Problem:
A faithful copy without images is required: write out all the records exactly.

==== Data listing ====

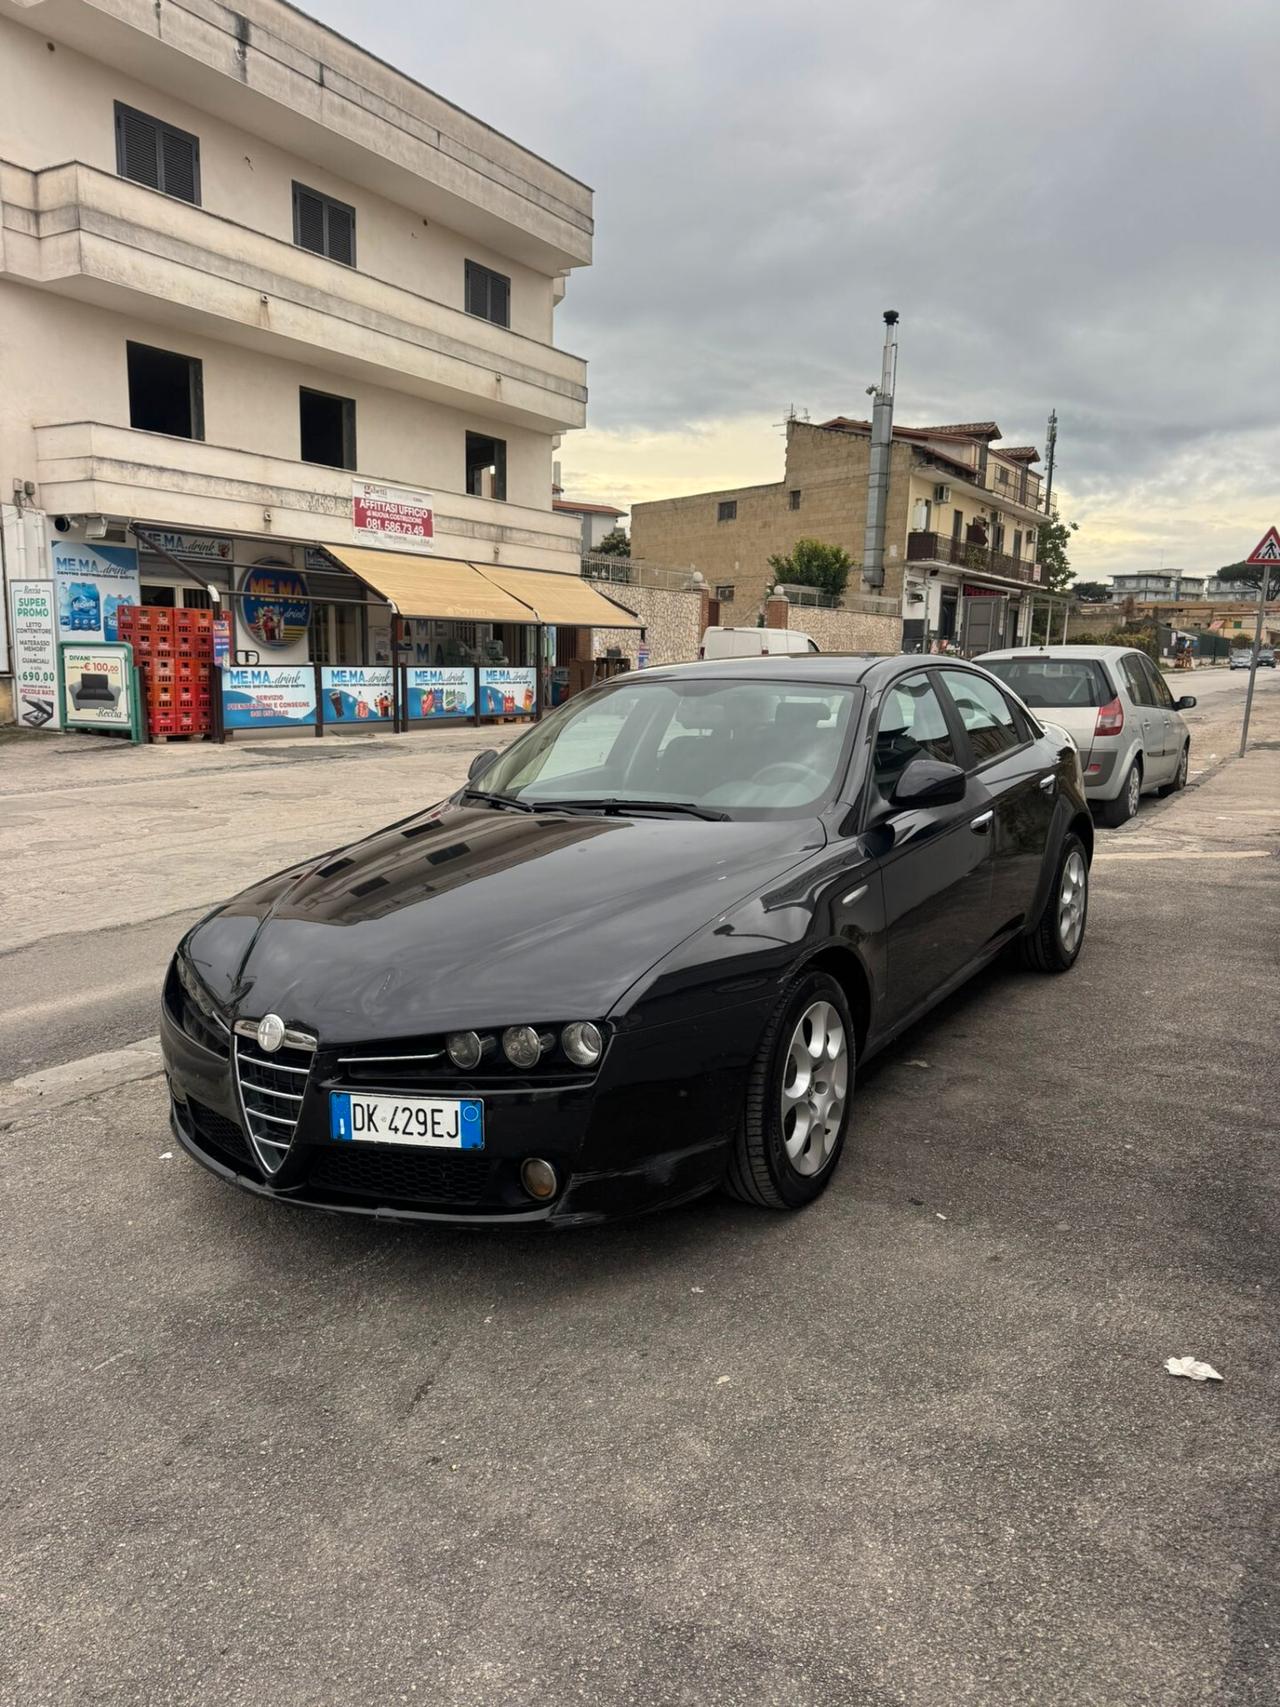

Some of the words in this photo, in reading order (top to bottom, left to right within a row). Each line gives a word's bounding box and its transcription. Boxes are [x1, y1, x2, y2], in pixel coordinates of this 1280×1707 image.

[360, 499, 398, 514] AFFITTASI
[399, 504, 428, 518] UFFICIO
[372, 511, 389, 519] NUOVA
[18, 597, 47, 607] SUPER
[17, 607, 49, 617] PROMO
[353, 1103, 379, 1133] DK
[388, 1106, 459, 1138] 429EJ
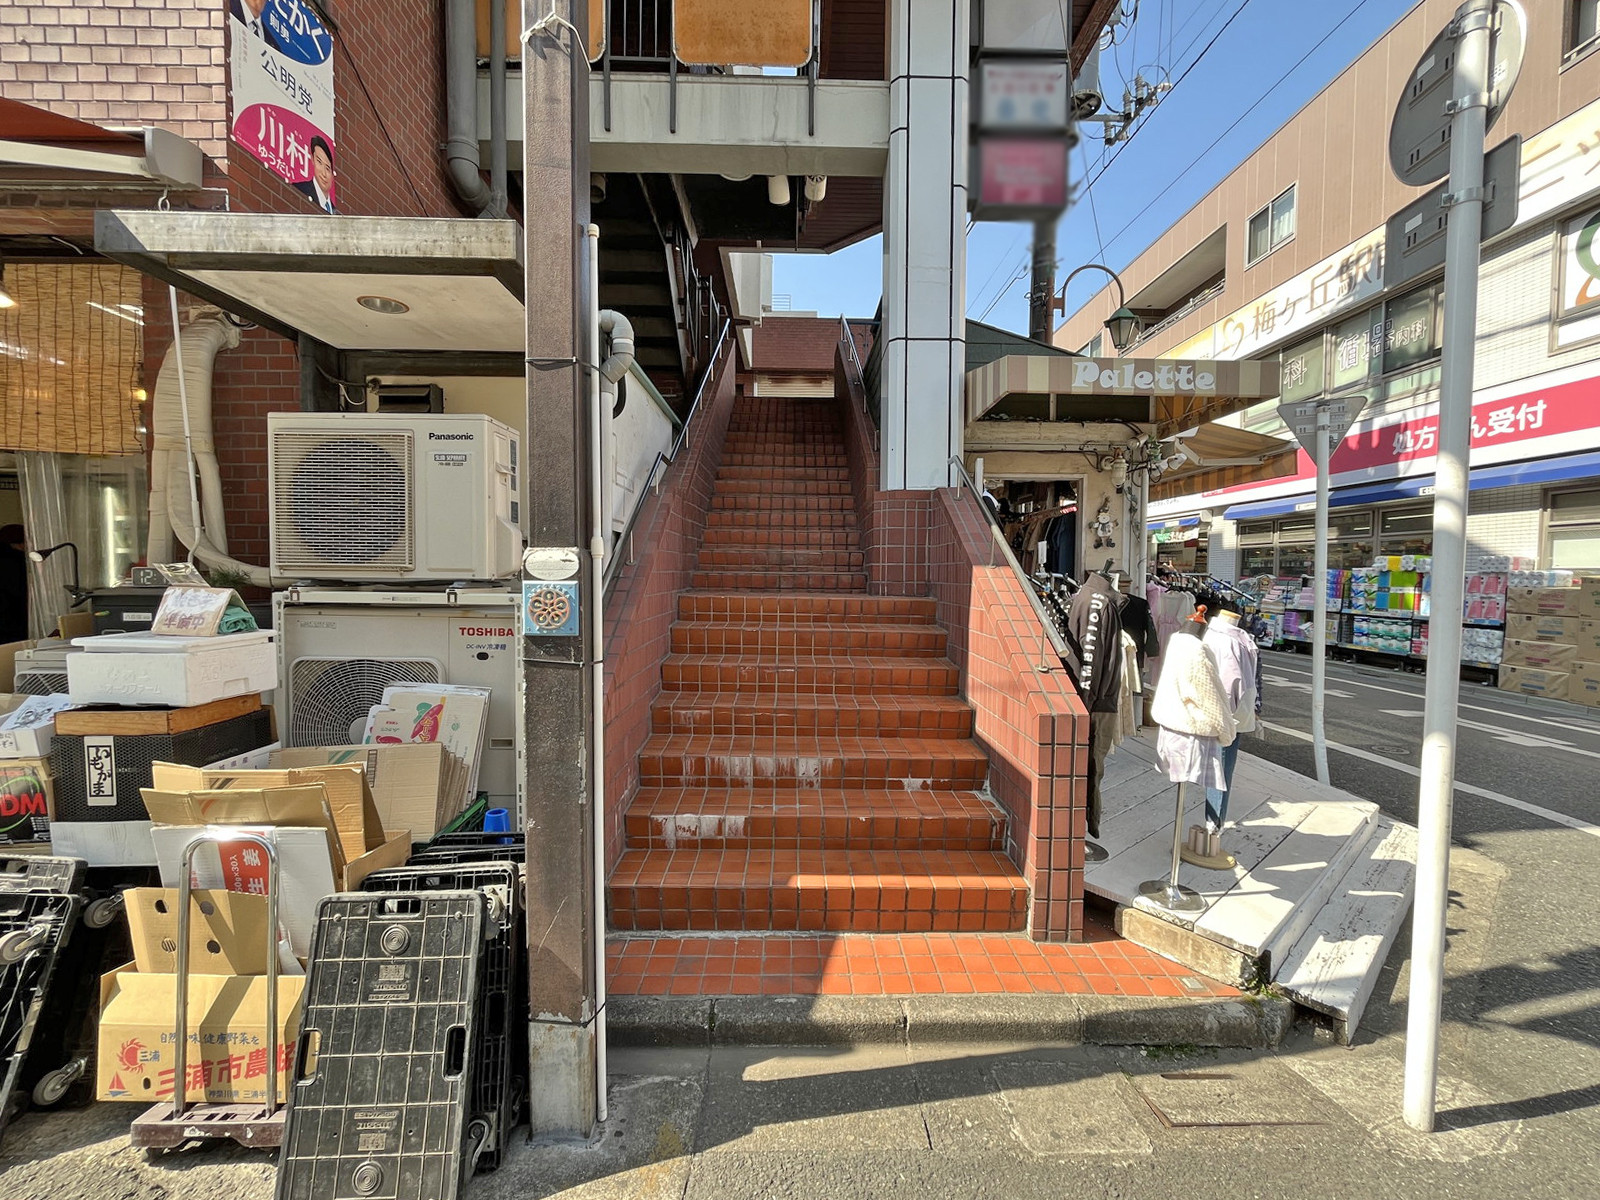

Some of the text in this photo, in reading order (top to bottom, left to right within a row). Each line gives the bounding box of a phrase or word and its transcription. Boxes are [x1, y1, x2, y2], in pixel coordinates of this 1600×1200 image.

[261, 50, 313, 115] 公明党
[257, 106, 312, 178] 川村
[258, 143, 295, 180] ゆうだい
[1071, 361, 1216, 391] Palette
[1283, 355, 1308, 389] 科
[428, 432, 474, 440] Panasonic
[1392, 399, 1547, 456] 処方ん受付
[458, 627, 515, 637] TOSHIBA
[1080, 592, 1105, 690] AMBITIOUS
[242, 848, 266, 896] 生姜
[161, 1032, 200, 1044] 自然味
[139, 1050, 160, 1062] 三浦
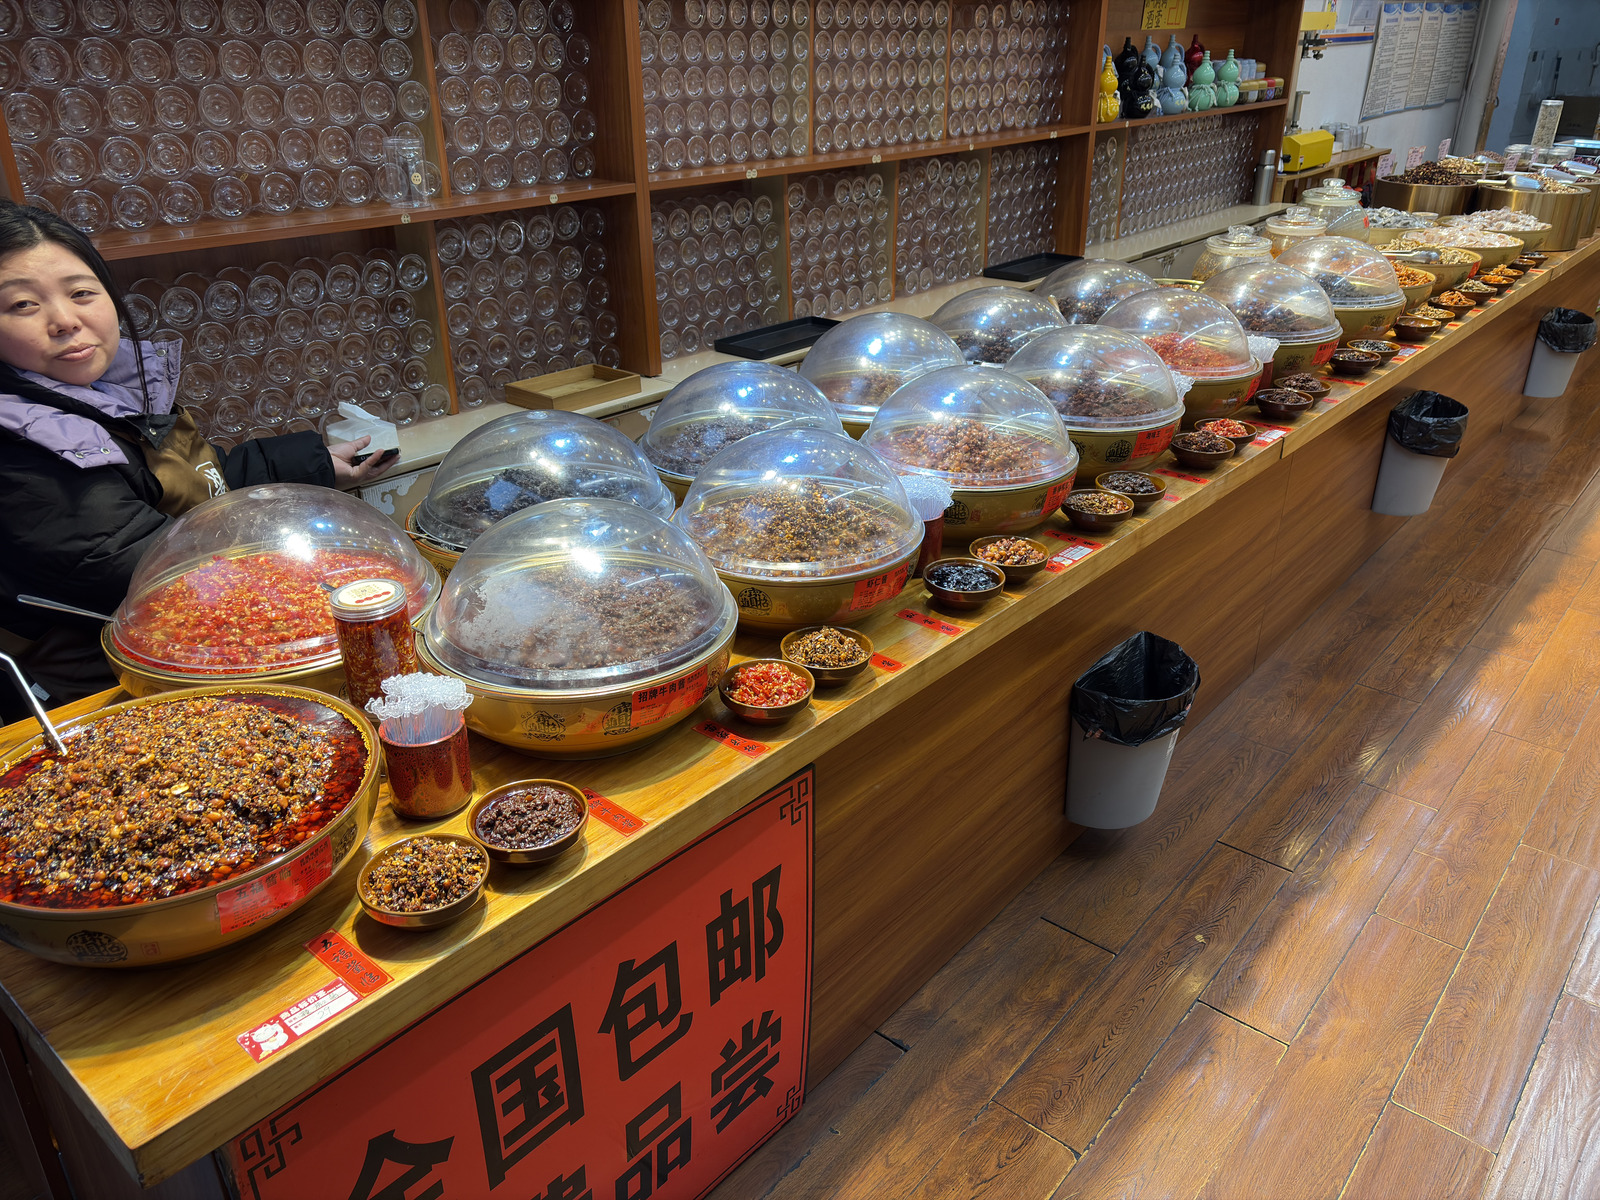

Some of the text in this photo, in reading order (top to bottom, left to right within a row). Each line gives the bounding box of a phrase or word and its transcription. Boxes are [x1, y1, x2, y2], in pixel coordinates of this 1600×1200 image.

[638, 678, 686, 703] 招牌牛肉酱
[346, 864, 784, 1200] 全国包邮
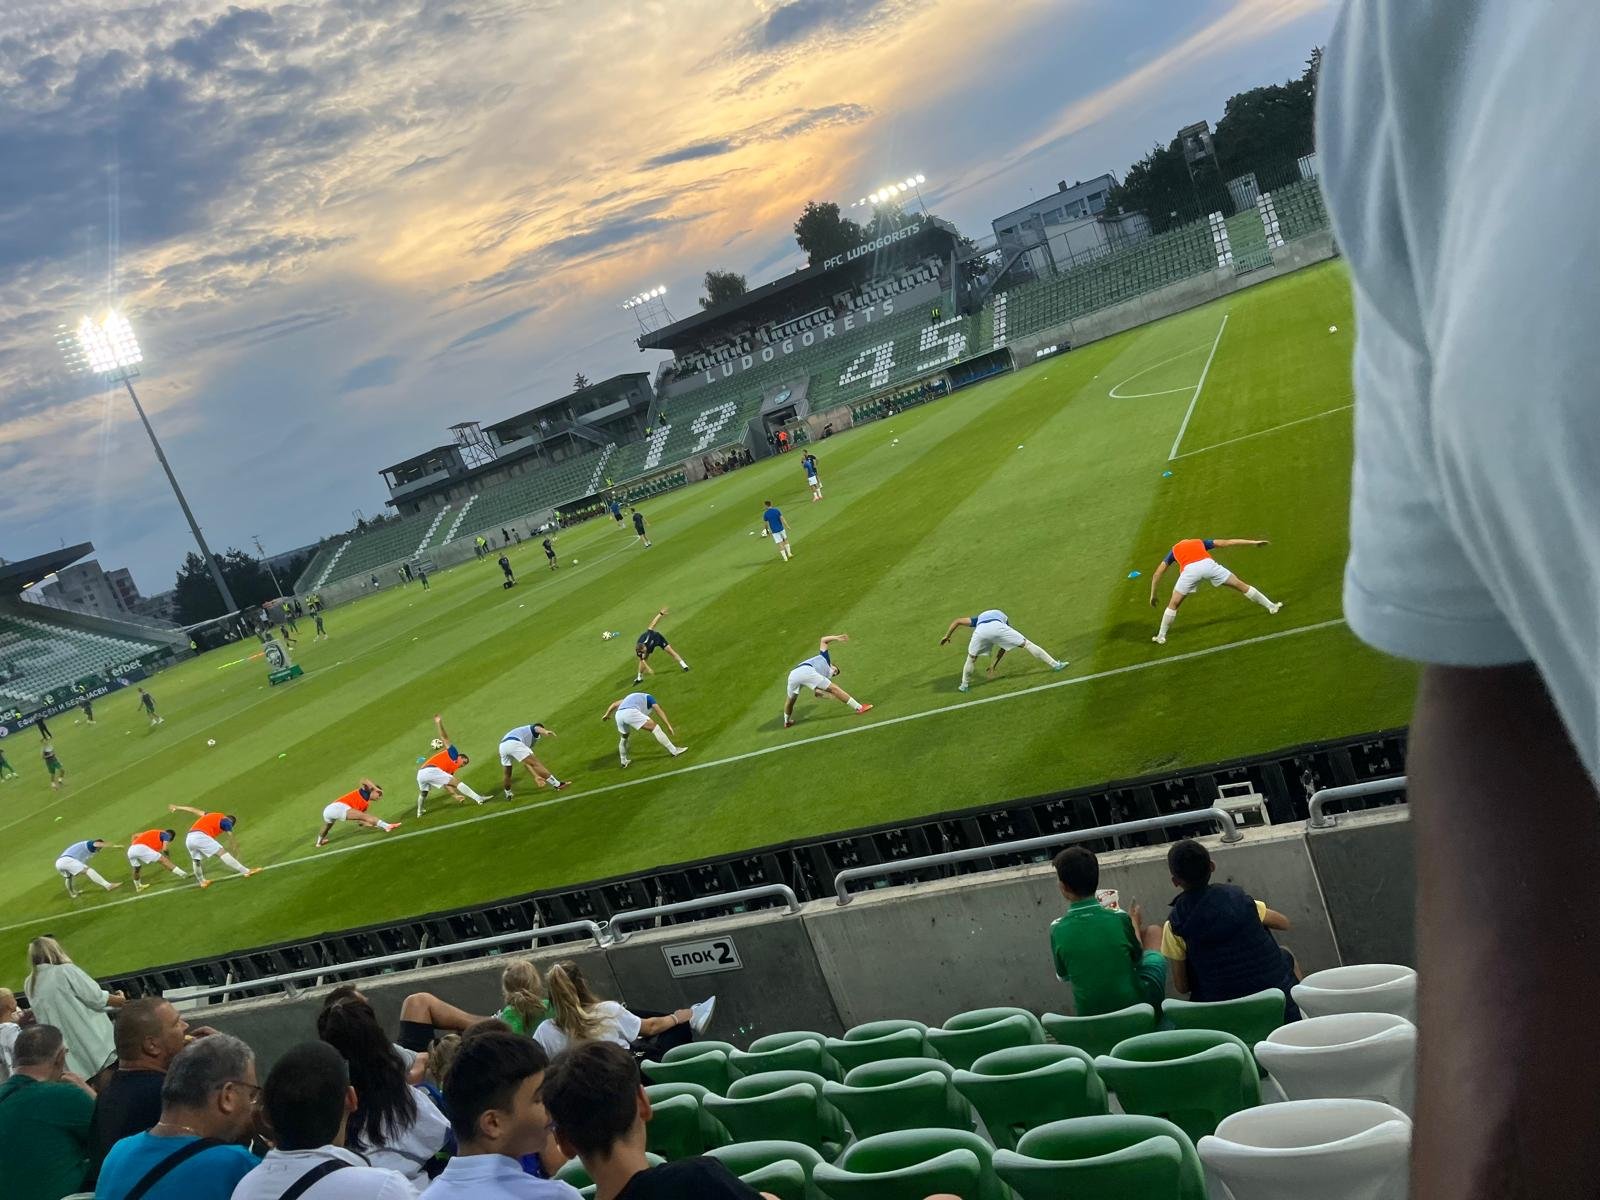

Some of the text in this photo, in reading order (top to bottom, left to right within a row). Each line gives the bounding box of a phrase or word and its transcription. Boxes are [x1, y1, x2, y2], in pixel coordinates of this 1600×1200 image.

====

Result for this exercise:
Some of the words in this photo, in reading order (top to bottom, left to right within a row). Each line gives a word's bounding box and its transcription. Boxes are [x1, y1, x2, y2], in pixel coordinates of this 1280×1707 image.

[360, 499, 398, 514] AFFITTASI
[399, 504, 428, 518] UFFICIO
[372, 511, 389, 519] NUOVA
[18, 597, 47, 607] SUPER
[17, 607, 49, 617] PROMO
[353, 1103, 379, 1133] DK
[388, 1106, 459, 1138] 429EJ

Some of the text in this photo, in reading order (top to bottom, left to right within a row). Each line gives the bounding box of a phrase or word and its transcription. Boxes are [x1, y1, x2, y2], in pixel coordinates of this 1600×1200 image.

[261, 50, 313, 115] 公明党
[257, 106, 312, 178] 川村
[258, 143, 295, 180] ゆうだい
[1071, 361, 1216, 391] Palette
[1283, 355, 1308, 389] 科
[428, 432, 474, 440] Panasonic
[1392, 399, 1547, 456] 処方ん受付
[458, 627, 515, 637] TOSHIBA
[1080, 592, 1105, 690] AMBITIOUS
[242, 848, 266, 896] 生姜
[161, 1032, 200, 1044] 自然味
[139, 1050, 160, 1062] 三浦

Some of the text in this photo, in reading order (top to bottom, left to right within a row). Each line gives the bounding box of a phrase or word and its transcription. Boxes are [x1, y1, x2, y2], in pixel coordinates of this 1600×1200 image.

[638, 678, 686, 703] 招牌牛肉酱
[346, 864, 784, 1200] 全国包邮

Some of the text in this photo, in reading order (top to bottom, left to right within a row). Each line gives the bounding box of a phrase or word and its transcription. Boxes are [x1, y1, x2, y2], in pixel coordinates of this 1600×1200 image.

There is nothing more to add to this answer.